Não podemos ignorar que dietas à base de vegetais parecem ter impactos negativos na densidade mineral óssea. Esse efeito é modesto e influenciado por algumas questões particulares (especialmente o IMC), mas todo o cuidado é valido!
Ao que tudo indica, uma potencial fragilidade óssea em vegetarianos pode ser facilmente prevenida com um consumo adequado de cálcio e vitamina D. Por isso, é fundamental que você inclua boas fontes vegetais de cálcio na sua dieta, como vegetais de coloração verde-escura (ex: brócolis, rúcula e couve). Clique aqui para saber mais!
Outro ponto importante é a vitamina D, que tem papel crucial no metabolismo do cálcio (8). Essa vitamina atua como um hormônio regulando a absorção e utilização do mineral. A deficiência de vitamina D é recorrente na população, e vegetarianos devem ter um cuidado redobrado, visto toda essa questão da saúde óssea.
Além disso, outros fatores de risco têm impactos bem mais expressivos na densidade óssea do que a dieta, principalmente o exercício físico (9). Não há nenhuma dúvida de que o sedentarismo é a principal causa de problemas osteoarticulares, por isso, é muito importante se exercitar regularmente, buscando atividades que envolvam impacto (como corrida) e sobrecarga (como a musculação).
Conclusões e dicas:
A partir do exposto, espero que tenha ficado claro que você não vai, necessariamente, ter disfunções na saúde óssea seguindo uma dieta vegana. Aliás, o consumo de leite não parece exercer nenhum benefício particular, desde que você tenha uma dieta adequada!

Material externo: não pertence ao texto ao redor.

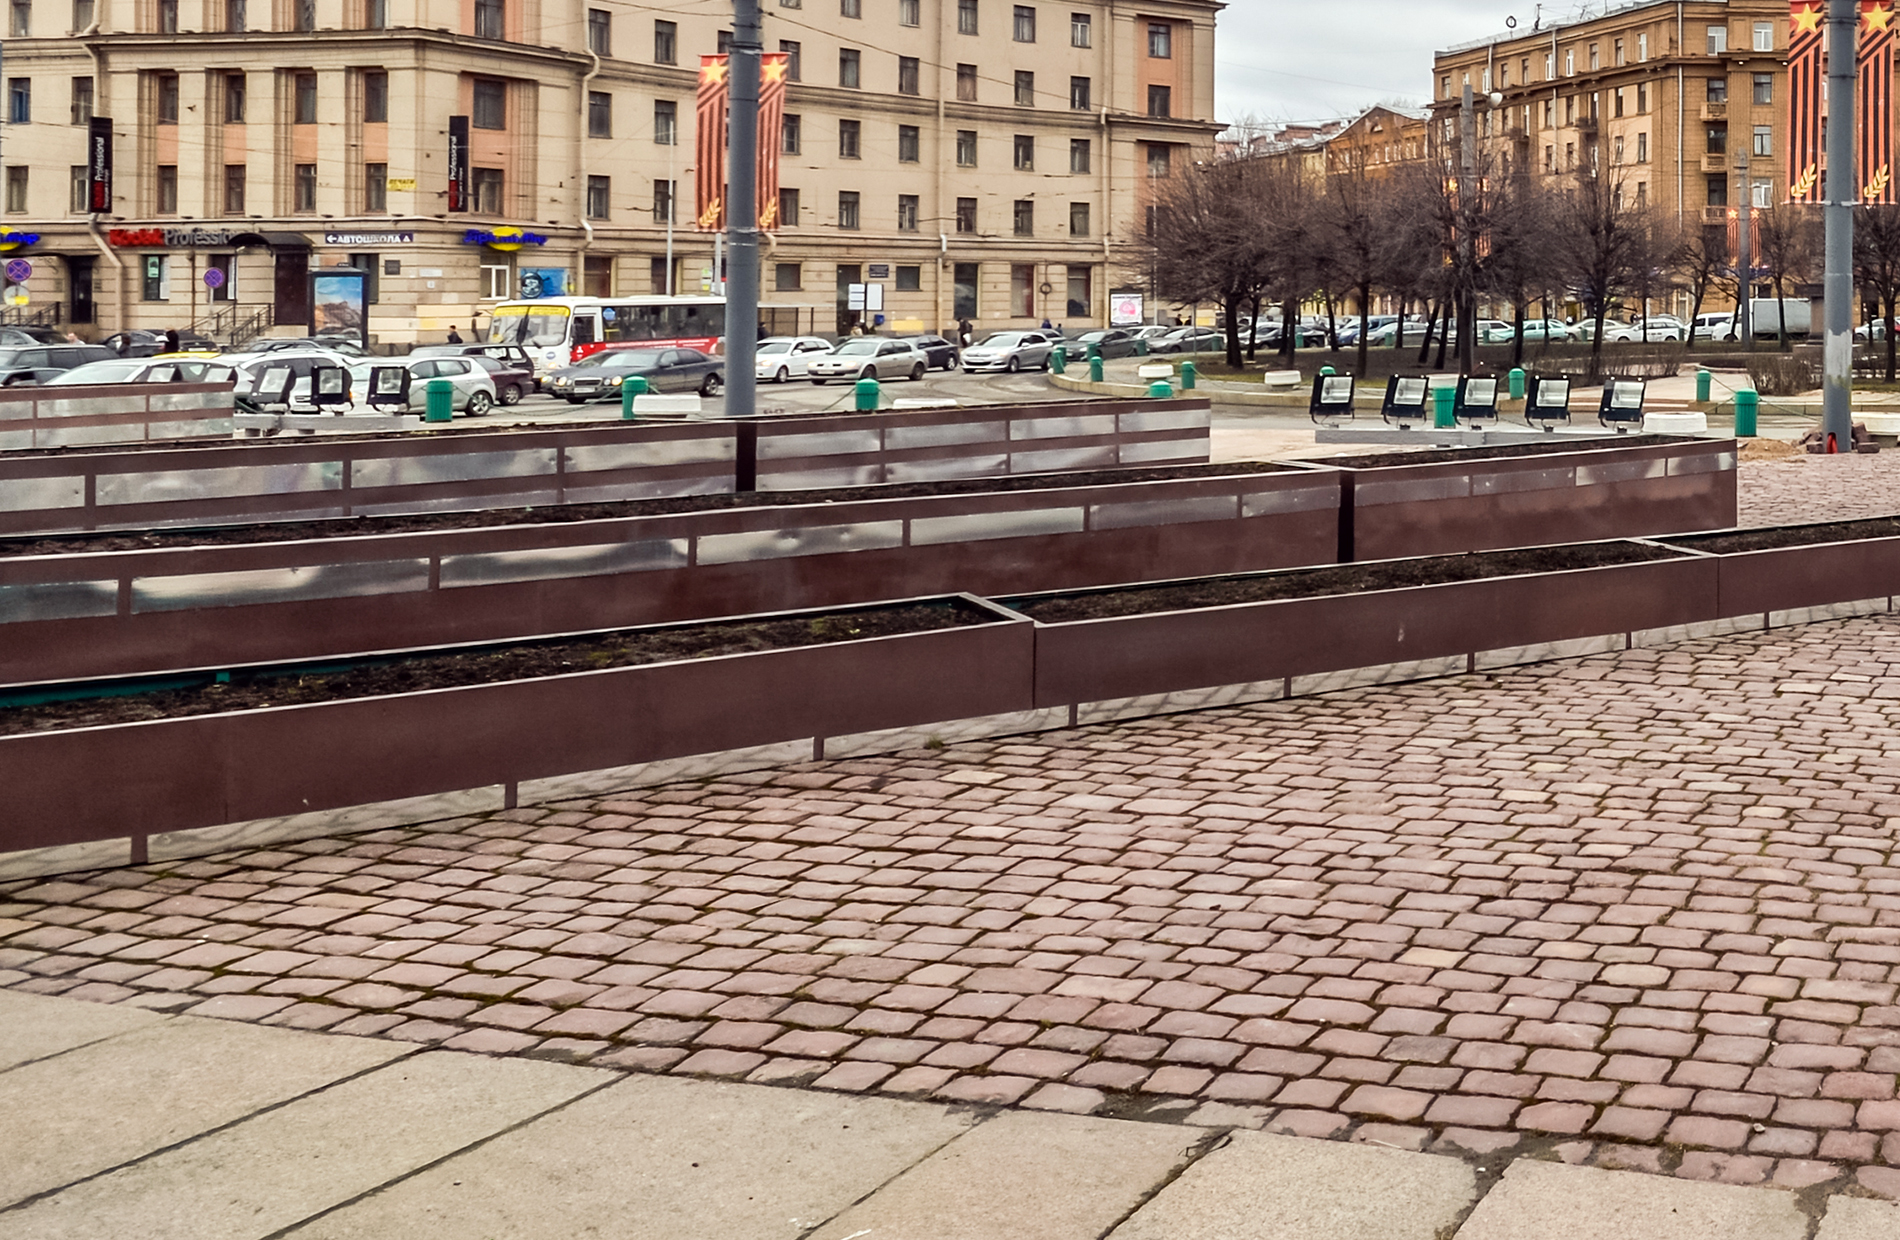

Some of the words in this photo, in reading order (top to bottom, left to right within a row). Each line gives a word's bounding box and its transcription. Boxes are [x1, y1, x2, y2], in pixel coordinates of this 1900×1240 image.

[94, 136, 105, 181] Professional
[449, 136, 457, 180] Professional
[109, 228, 164, 246] Kodak
[164, 228, 240, 246] Professio
[337, 234, 401, 244] АВТОШКОЛА

Embora exista um maior risco de fraturas ósseas em veganos (que é bem modesto), isso não significa uma limitação nutricional, já que podemos eliminar tal risco consumindo quantidades adequadas de cálcio e vitamina D, e se exercitando regularmente.
Dicas:
Garanta um consumo adequado de cálcio na sua dieta, especialmente se você é vegano;
Se exponha ao sol regularmente para garantir suficiência de vitamina D;
Considere a suplementação com vitamina D;
Pratique exercício físico regularmente, especialmente atividades que envolvem impacto e sobrecarga;
Na dúvida, busque um nutricionista para te ajudar!

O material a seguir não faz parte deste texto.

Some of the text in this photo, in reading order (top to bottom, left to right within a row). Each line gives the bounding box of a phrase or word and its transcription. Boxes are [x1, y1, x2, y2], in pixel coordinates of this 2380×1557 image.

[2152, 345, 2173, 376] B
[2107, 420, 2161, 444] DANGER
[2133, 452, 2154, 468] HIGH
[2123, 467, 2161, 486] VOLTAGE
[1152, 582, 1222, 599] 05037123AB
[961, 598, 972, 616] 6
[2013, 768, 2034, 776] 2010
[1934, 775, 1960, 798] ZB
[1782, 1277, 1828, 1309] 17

Conteúdo por: Cláudio Bender | Nutricionista | CRN: 17268
Referências:
1.Appleby, P., Roddam, A., Allen, N., & Key, T. (2007). Comparative fracture risk in vegetarians and nonvegetarians in EPIC-Oxford. European journal of clinical nutrition, 61(12), 1400-1406.
2. Tong, T. Y., Appleby, P. N., Armstrong, M. E., Fensom, G. K., Knuppel, A., Papier, K., ... & Key, T. J. (2020). Vegetarian and vegan diets and risks of total and site-specific fractures: results from the prospective EPIC-Oxford study. BMC medicine, 18(1), 1-15.
3. Menzel, J., Abraham, K., Stangl, G. I., Ueland, P. M., Obeid, R., Schulze, M. B., ... & Weikert, C. (2021). Vegan diet and bone health—Results from the cross-sectional RBVD study. Nutrients, 13(2), 685.
4. Barnard, N. D., Levin, S. M., & Yokoyama, Y. (2015). A systematic review and meta-analysis of changes in body weight in clinical trials of vegetarian diets. Journal of the Academy of Nutrition and Dietetics, 115(6), 954-969.
5. Matía-Martín, P., Torrego-Ellacuría, M., Larrad-Sainz, A., Fernández-Pérez, C., Cuesta-Triana, F., & Rubio-Herrera, M. Á. (2019). Effects of milk and dairy products on the prevention of osteoporosis and osteoporotic fractures in Europeans and non-Hispanic Whites from North America: a systematic review and updated meta-analysis. Advances in Nutrition, 10(suppl_2), S120-S143.
6. Bian, S., Hu, J., Zhang, K., Wang, Y., Yu, M., & Ma, J. (2018). Dairy product consumption and risk of hip fracture: a systematic review and meta-analysis. BMC Public Health, 18, 1-16.
7. Ding, M., Li, J., Qi, L., Ellervik, C., Zhang, X., Manson, J. E., ... & Hu, F. B. (2019). Associations of dairy intake with risk of mortality in women and men: three prospective cohort studies. bmj, 367.
8. Bouillon, R., LeBoff, M. S., & Neale, R. E. (2023). Health effects of vitamin D supplementation: lessons learned from randomized controlled trials and Mendelian randomization studies. Journal of Bone and Mineral Research, 38(10), 1391-1403.
9. Chang, X., Xu, S., & Zhang, H. (2022). Regulation of bone health through physical exercise: Mechanisms and types. Frontiers in Endocrinology, 13, 1029475.